** Goal of the exercise **
Return the data below exactly as given, except for the images.

** Given records **

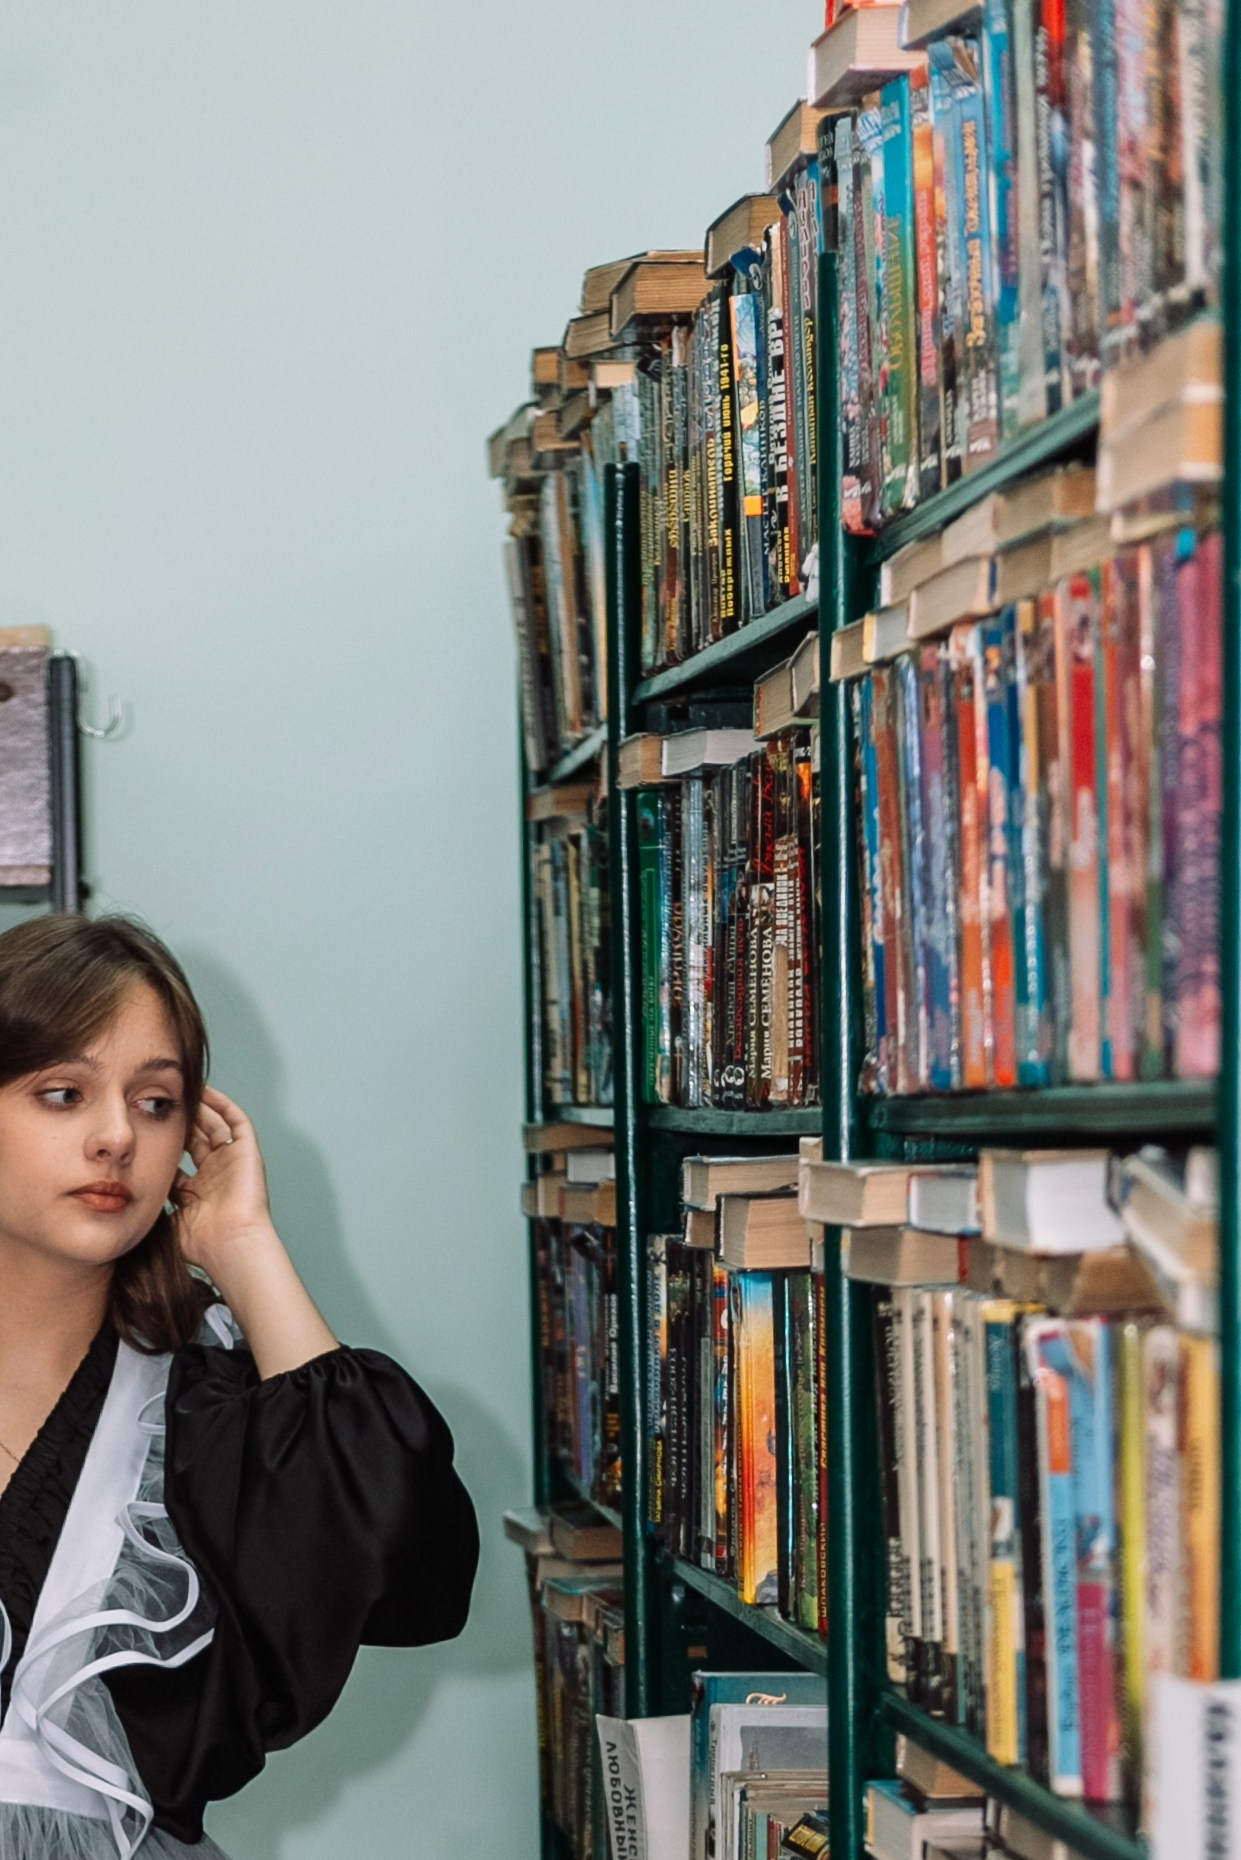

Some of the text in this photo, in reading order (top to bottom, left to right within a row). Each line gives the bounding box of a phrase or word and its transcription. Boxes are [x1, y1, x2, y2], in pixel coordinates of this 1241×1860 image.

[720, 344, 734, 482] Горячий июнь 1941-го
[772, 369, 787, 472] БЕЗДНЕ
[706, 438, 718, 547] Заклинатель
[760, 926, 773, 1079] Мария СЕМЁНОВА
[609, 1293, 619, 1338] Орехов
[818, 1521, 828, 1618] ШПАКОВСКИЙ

** Output below **
Some of the text in this photo, in reading order (top to bottom, left to right within a row). Each line gives the bounding box of a phrase or word and its transcription. Boxes are [x1, y1, x2, y2], in pixel coordinates of this 1241×1860 image.

[720, 344, 734, 482] Горячий июнь 1941-го
[772, 369, 787, 472] БЕЗДНЕ
[706, 438, 718, 547] Заклинатель
[760, 926, 773, 1079] Мария СЕМЁНОВА
[609, 1293, 619, 1338] Орехов
[818, 1521, 828, 1618] ШПАКОВСКИЙ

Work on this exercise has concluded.